L'action des Gracques

Une redistribution de la propriété

C'est Tiberius Gracchus, tribun de la plèbe en 133, qui se charge de la rédiger. L'opinion romaine pressentait qu'un changement allait intervenir car, dès le début, les espoirs et les craintes furent immenses. Le projet de Tiberius prévoyait une limite supérieure de 500 jugera, le rachat (initialement du moins) des excédents, mais, en contrepartie, la transformation, sur la base des 500 jugera autorisés, de la « concession » révocable en pleine propriété : il était donc très modéré. Mais il prévoyait aussi la création d'un triumvirat agraire à présidence tournante, qui surveillerait les opérations de récupération avec une juridiction très large. Enfin les terrains récupérés – c'était le but de l'opération – seraient distribués, sous forme de lots de trente jugères, grevés d'un cens récognitif, et inaliénables. Telle était la grande nouveauté, par quoi la loi se distinguait des précédentes. Les œuvres d'Appien et de Plutarque évoquent les controverses passionnées et les discours éloquents suscités par le projet. Au-delà de la défense du patrimoine public, et même de la tentative de recolonisation intérieure qu'il impliquait, il témoignait d'une conception nouvelle de la justice sociale, et amorçait une redistribution de la propriété. La majorité du Sénat, alarmée, suscita un veto du tribun Octavius, qui devait couper court à la tentative. Plutôt que de s'incliner, Tiberius, fort de l'appui de la majorité des citoyens, après avoir vainement essayé de négocier, fit déposer le tribun : révolution politique de première importance. Il parvint ainsi à faire voter une seconde rédaction, beaucoup plus radicale, de son projet, et à mettre en place un triumvirat composé de lui-même, de son beau-père Appius Claudius, et de son jeune frère Caius.

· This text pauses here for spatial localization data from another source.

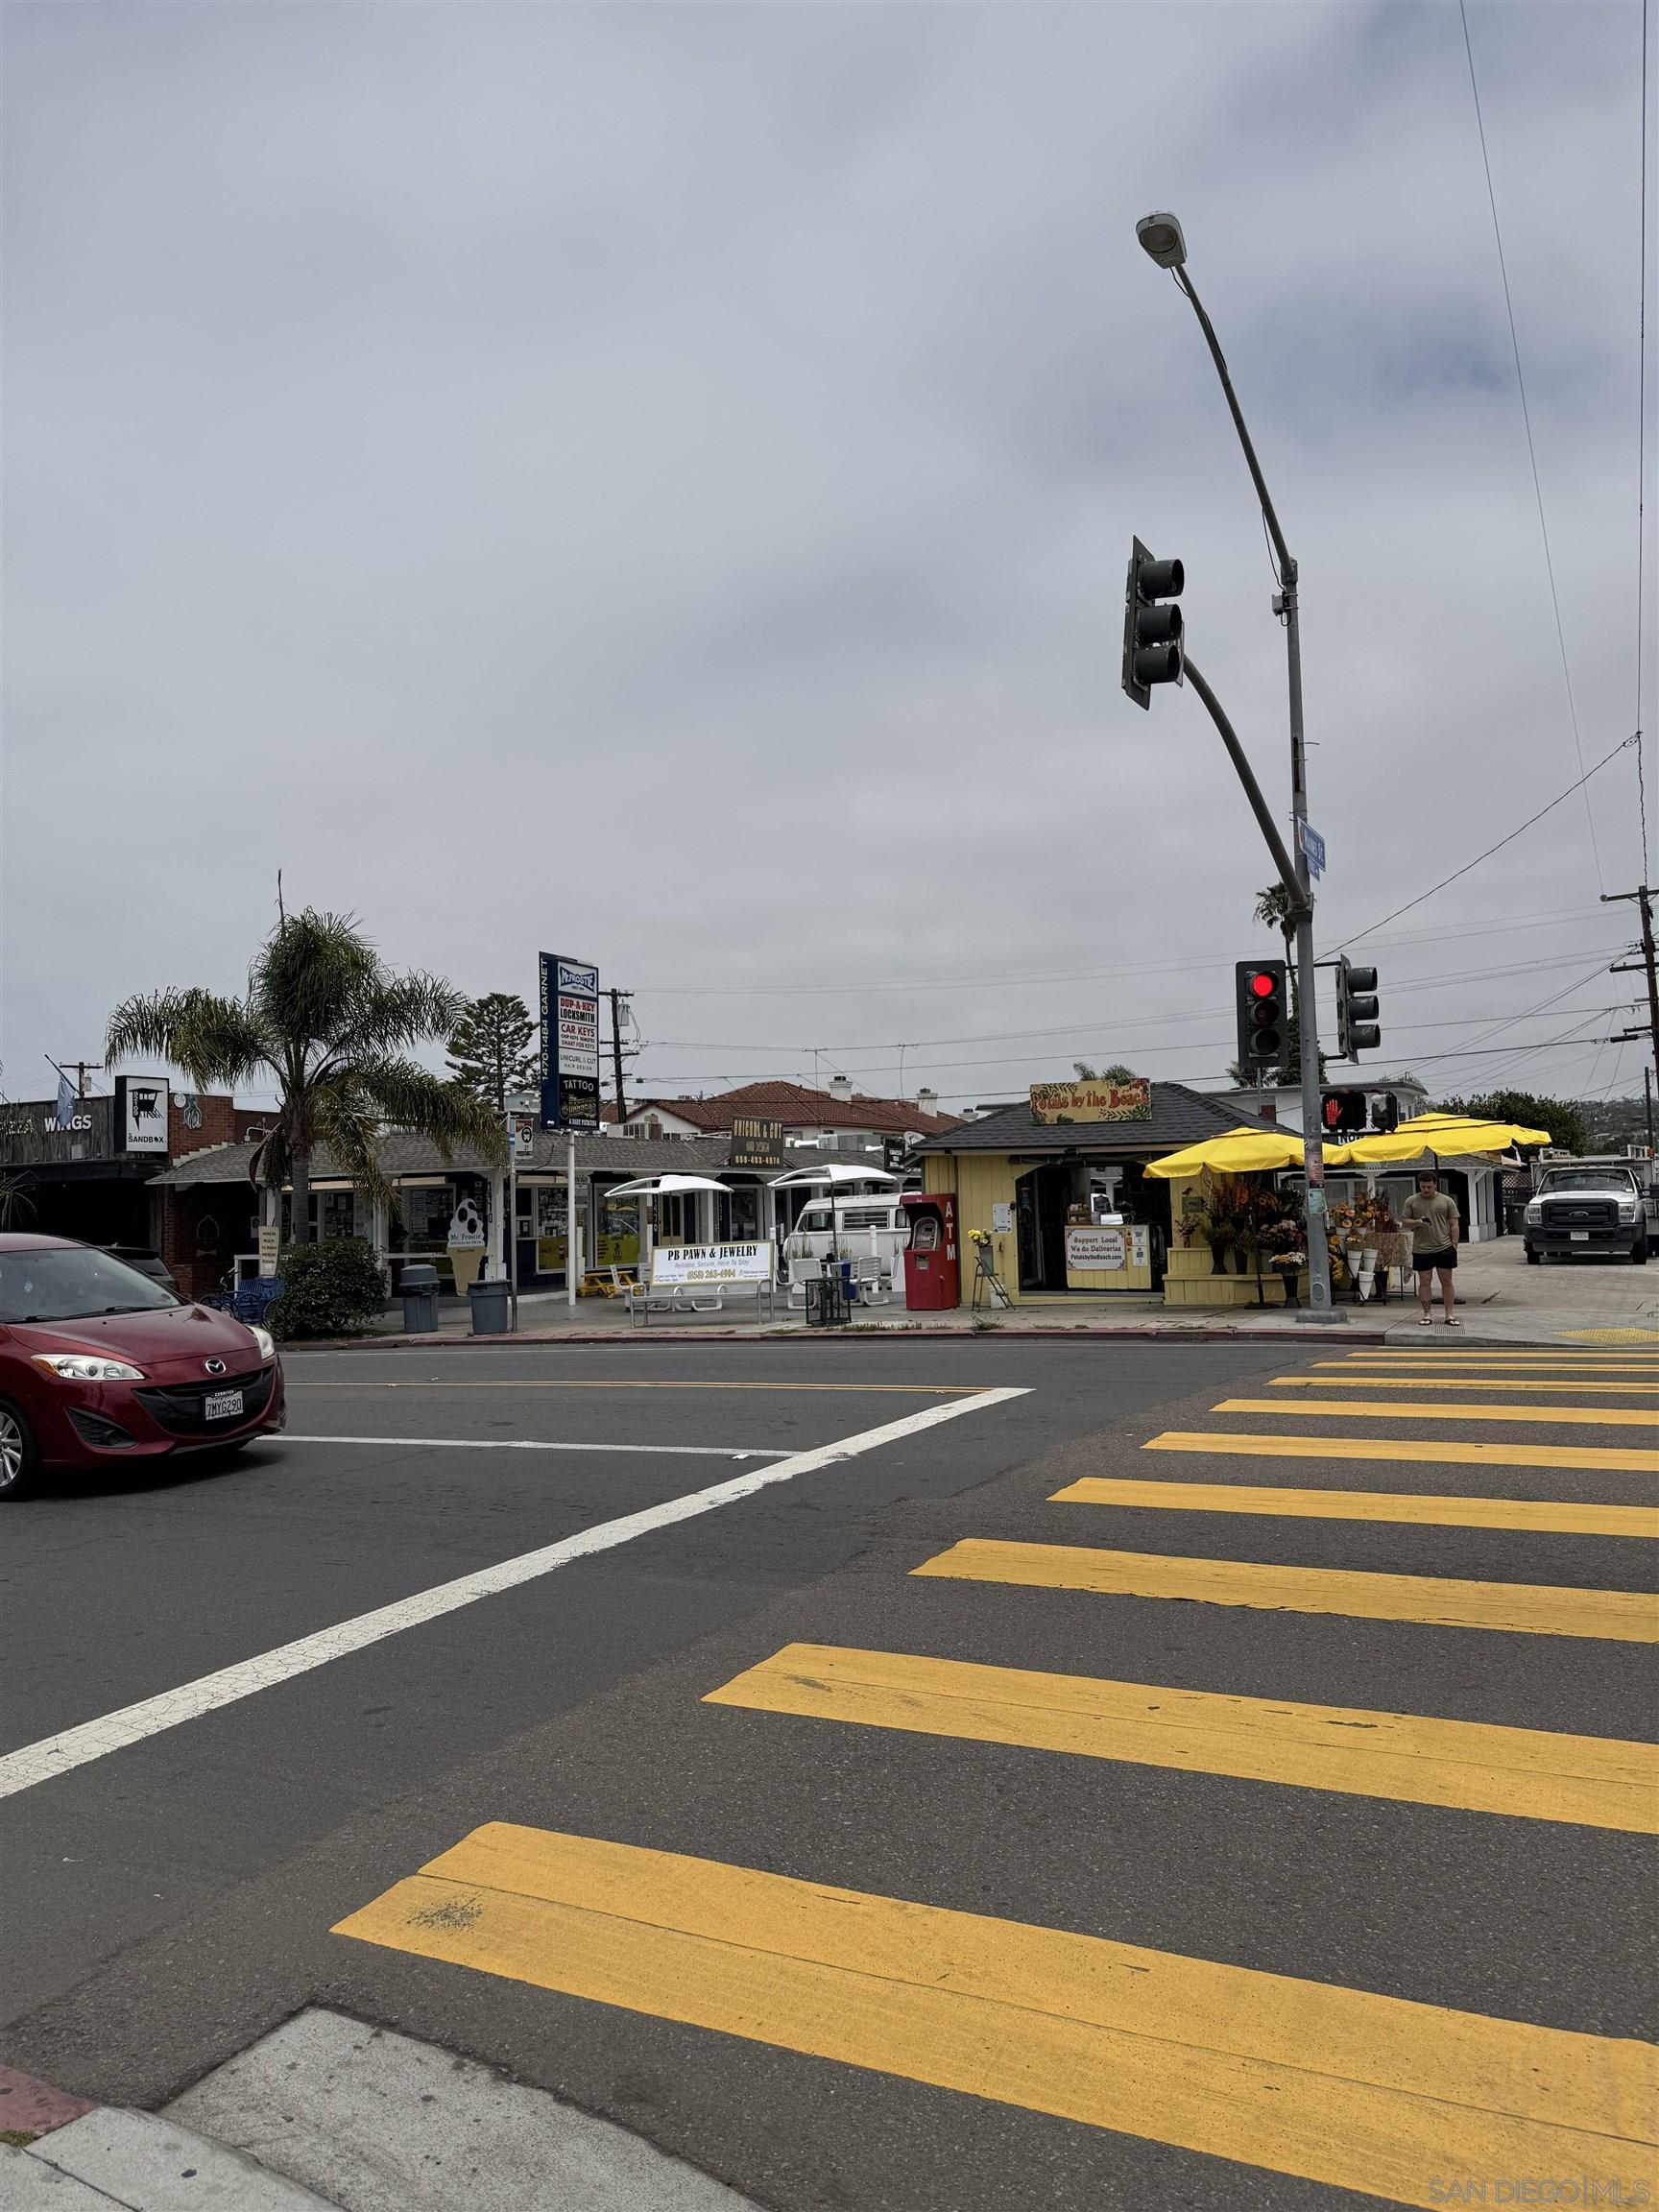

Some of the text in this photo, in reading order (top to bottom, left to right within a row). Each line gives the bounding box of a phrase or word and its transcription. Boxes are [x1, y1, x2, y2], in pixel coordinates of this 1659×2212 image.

[560, 1008, 595, 1023] LOCKSMITH
[561, 1023, 595, 1038] CAR KEYS
[560, 1054, 582, 1064] UNICURL
[564, 1080, 594, 1092] TATTOO
[1031, 1090, 1149, 1114] Petals by the Beach
[733, 1119, 760, 1138] UNICURL
[769, 1122, 781, 1139] CUT
[128, 1135, 164, 1143] SANDBOX
[945, 1201, 956, 1261] ATM
[667, 1245, 757, 1261] PB PAWN & JEWELRY
[738, 1259, 750, 1267] Stay

Le travail de recensement, de récupération et de lotissements commença sur une très grande échelle. En quelques mois, par une série d'initiatives révolutionnaires, Tiberius avait fait du tribunat et du triumvirat agraire les pouvoirs essentiels de la cité. Il avait d'ailleurs d'autres desseins, sans doute celui d'utiliser le trésor du roi de Pergame Attale III, qui venait de mourir en léguant son royaume à Rome, pour fournir des capitaux aux bénéficiaires des assignations, peut-être celui d'enlever aux sénateurs le pouvoir judiciaire. Il chercha donc à obtenir de l'assemblée du peuple le droit de se représenter pour 132 au tribunat, ce qui était interdit par la loi. Pour éviter qu'il ait un pouvoir pratiquement sans limite, quelques sénateurs, menés par Scipion Nasica, devant le refus d'agir des consuls, prirent l'initiative d'une rixe au cours de laquelle Tiberius et un grand nombre de ses amis périrent. Cependant les assignations agraires, sous la présidence de P. Licinius Crassus, beau-père de Caius, continuaient, malgré la répression judiciaire menée par les consuls de 132 contre le parti de Tiberius. Ces assignations, avec leurs séquelles de contestations agraires et de conflits de bornages, suscitaient une agitation grandissante en Italie, surtout de la part des « concessionnaires » non romains, à qui l'on reprenait leurs terres, mais qui ne pouvaient bénéficier des nouvelles assignations. Le chef de cette opposition, Scipion Émilien, cousin des Gracques, vainqueur de Numance, se préparait en 129 à faire abroger la loi Sempronia, et peut-être à se faire donner une sorte de dictature constituante, lorsqu'il mourut brusquement. Les pouvoirs judiciaires des triumvirs avaient été abolis peu de temps auparavant et la réforme agraire allait être enterrée pour trois ans. Mais le parti qu'avait animé Tiberius restait actif. En 126, un de ses amis, M. Fulvius Flaccus, fut élu consul, et reprit une vigoureuse politique de colonisation en Cisalpine. Une loi autorisa l'itération du tribunat, et des satisfactions[...]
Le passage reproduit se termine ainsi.